If you look at the range of research models available to scientists today (from fungi to flies to mice and larger), one little guy stands out – a tropical freshwater fish from the rivers of Bangladesh called the zebrafish. While it may be small, this fish is having a big impact on medical science, especially in genetics, stem cell biology, and drug screening, as covered in today’s Wall Street Journal.
As we’ve mentioned previously on Vector, the zebrafish is swimming its way into many research programs, both here at Children’s Hospital Boston and across the country. As a model, they are quite attractive to researchers, in part due to their small size, their fecundity, and their surprising similarities to us (from a genetic standpoint, that is).
Richard White, who works with Leonard Zon in the Stem Cell Program at Children’s Hospital Boston, offers up an explanation for the fish’s popularity:
Happy fish make more fish
But in order to do the research, you have to have the fish. A healthy adult female zebrafish can lay upwards of 300 eggs each week (compare that to the mouse, which might have a single 12-pup litter every month); those eggs will hatch in roughly 72 hours.
There are times, though – if you’re going to run a drug screen on 2,000 chemicals, for instance – you just need a lot of fish, and their natural breeding rate just isn’t enough. To get more fish, you need to understand what a fish wants, what a fish needs.
Christian Lawrence, a fish biologist who manages one of the zebrafish facilities here at Children’s, has spent a long time studying zebrafish breeding behavior and figuring out ways to parlay those insights into techniques that can help breed more fish faster.
“Many factors go into attractiveness,” he tells the WSJ. “They’re generally promiscuous. But I wouldn’t call them indiscriminate.’”
That knowledge, along with an understanding of the fish’s preferred breeding environment, was encapsulated in a new device that Lawrence, Zon, and colleagues developed last year named the iSpawn:
The iSpawn is a specialized fish breeding tank designed to take advantage of the zebrafish’s natural preference for breeding in shallow water. Built to replicate the contours and environment of a riverbank, the tank lets researchers to gather as many as 10,000 zebrafish embryos for research in 10 minutes.
“The iSpawn is going to have a major impact on how researchers work with zebrafish, not only at Children’s but internationally,” says Zon. “The potential savings in time and efficiency is really significant and could speed up our ability to search for therapies through chemical screening.”
Making what’s old new again
Apart from work on genetics, development, and stem cell biology, it’s in drug screening that the zebrafish has really come into its own. Getting a completely untested drug through FDA approval is a long, hard road. So researchers and pharmaceutical companies are increasingly repurposing medicines that have already been approved.

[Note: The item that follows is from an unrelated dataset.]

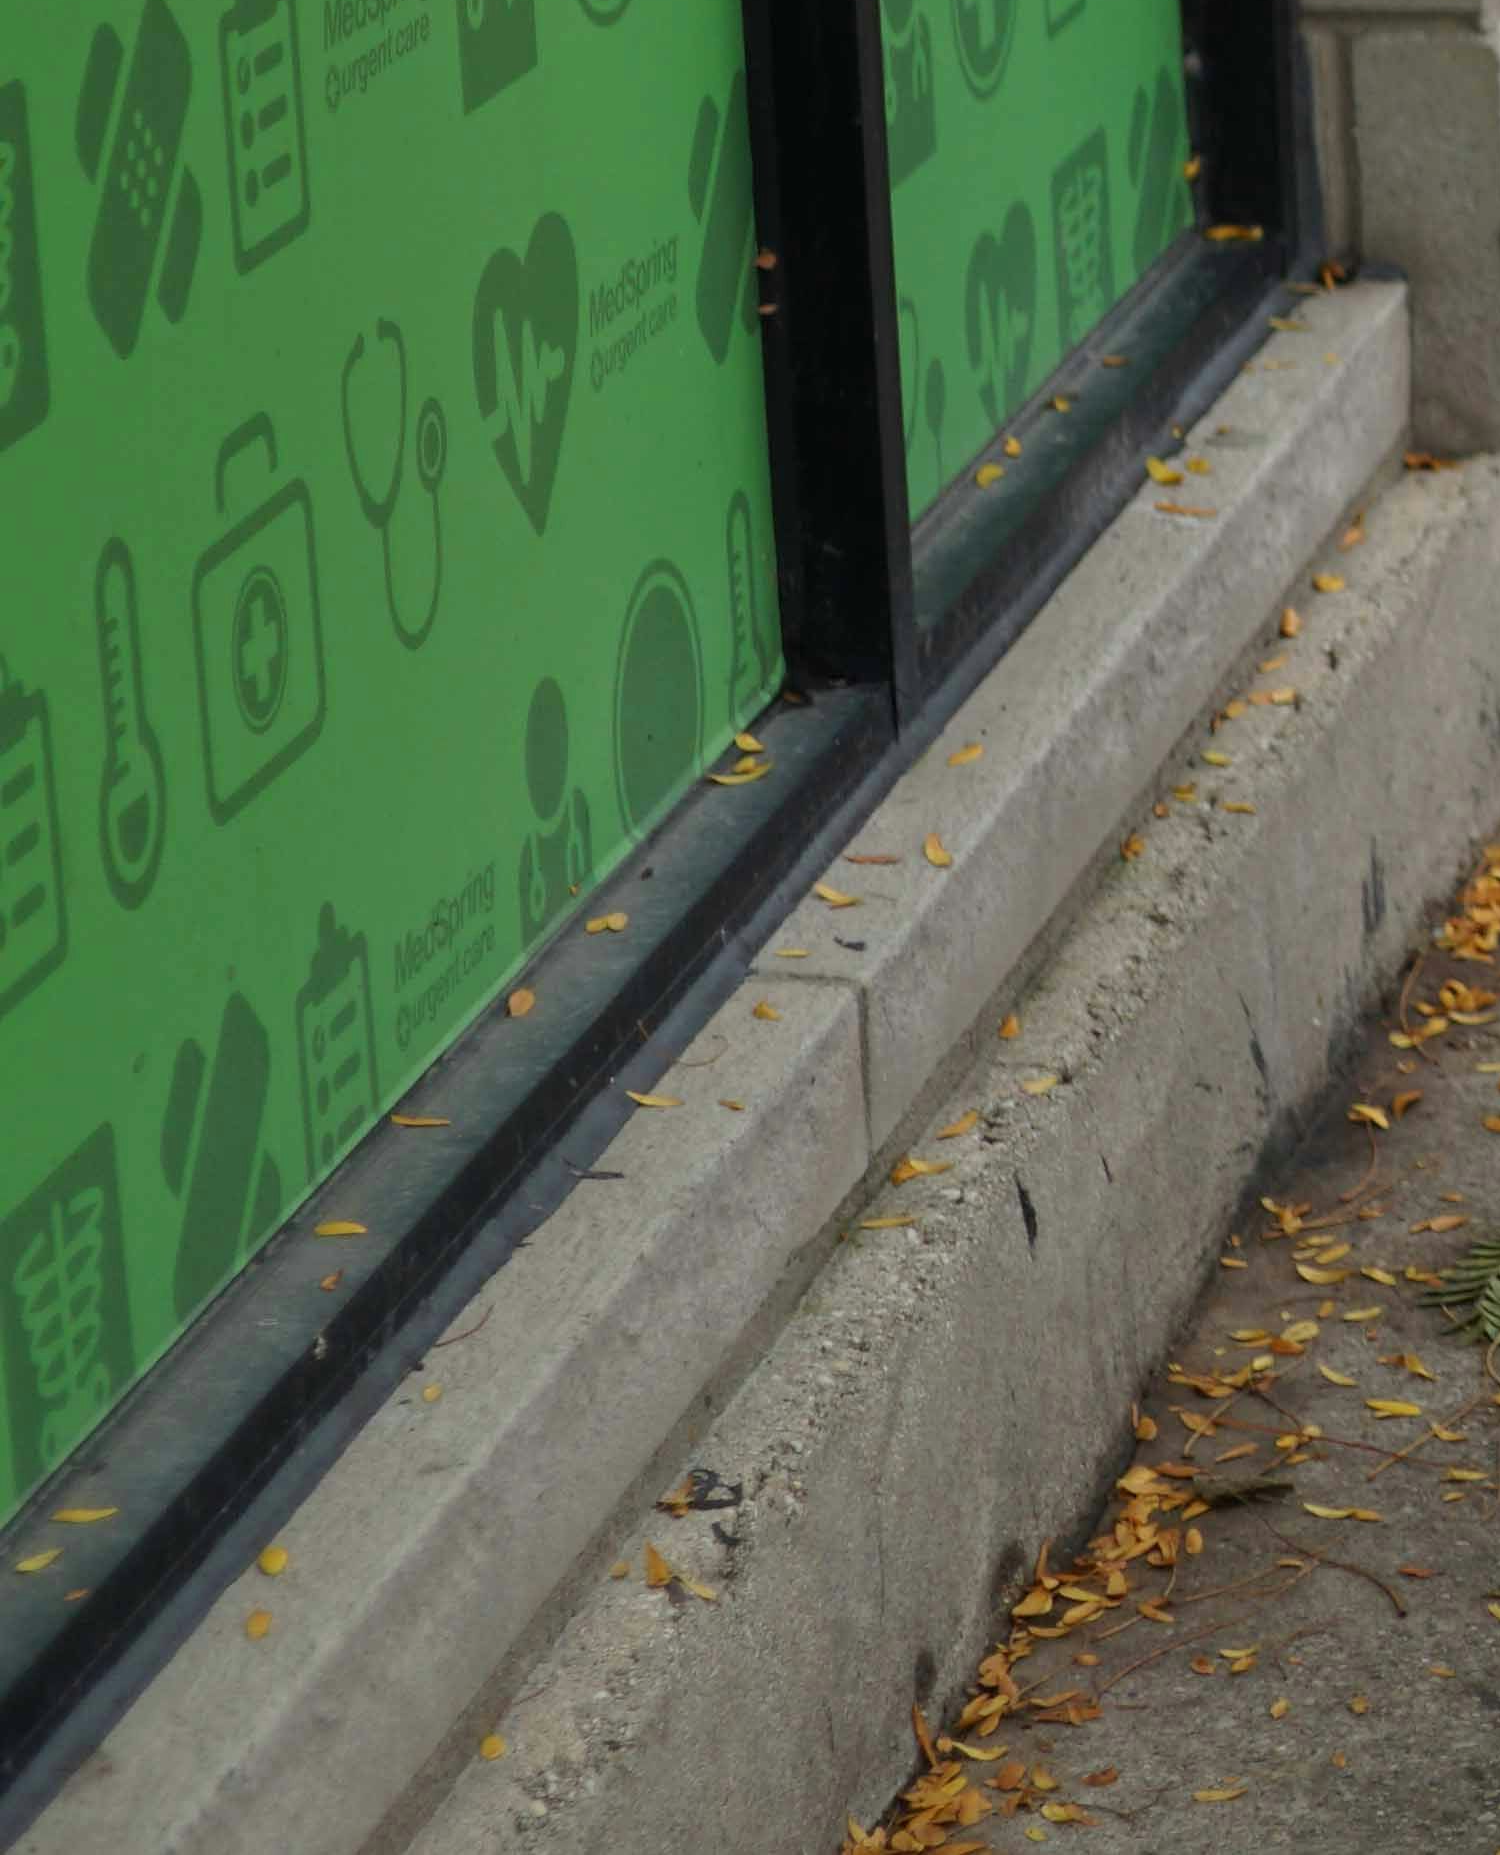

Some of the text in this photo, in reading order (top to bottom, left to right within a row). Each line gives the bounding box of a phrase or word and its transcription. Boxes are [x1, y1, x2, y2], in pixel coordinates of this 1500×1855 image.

[342, 12, 430, 96] urgent care
[590, 235, 678, 338] MedSpring
[394, 861, 495, 994] MedSpring

The sheer numbers of fish that can be made available, along with their ability to absorb drugs directly through their skin from the water they’re swimming in, is increasingly making the zebrafish the model of choice for finding new drug treatments or revealing new uses for existing drugs. Just in the last year, zebrafish led the way to an arthritis drug that may help treat melanoma and an asthma medication that may help restore muscle in Duchenne muscular dystrophy (DMD). And in December, doctors at Dana-Farber Cancer Institute announce the results of the first clinical trial to arise from discoveries made in a zebrafish screen.
“The zebrafish have turned out to be ideal for this kind of small-molecule screening in DMD,” says Louis Kunkel, director of Children’s Program in Genomics and lead on the DMD study. “Because we can grow and test so many at a time, we were able to screen 1,200 chemicals very quickly. We are already screening a few thousand more chemicals, and because we’re focusing on ones that have already been approved for human use, we are confident that we will be able to take candidates found in the fish quickly through mouse studies and into the clinic.”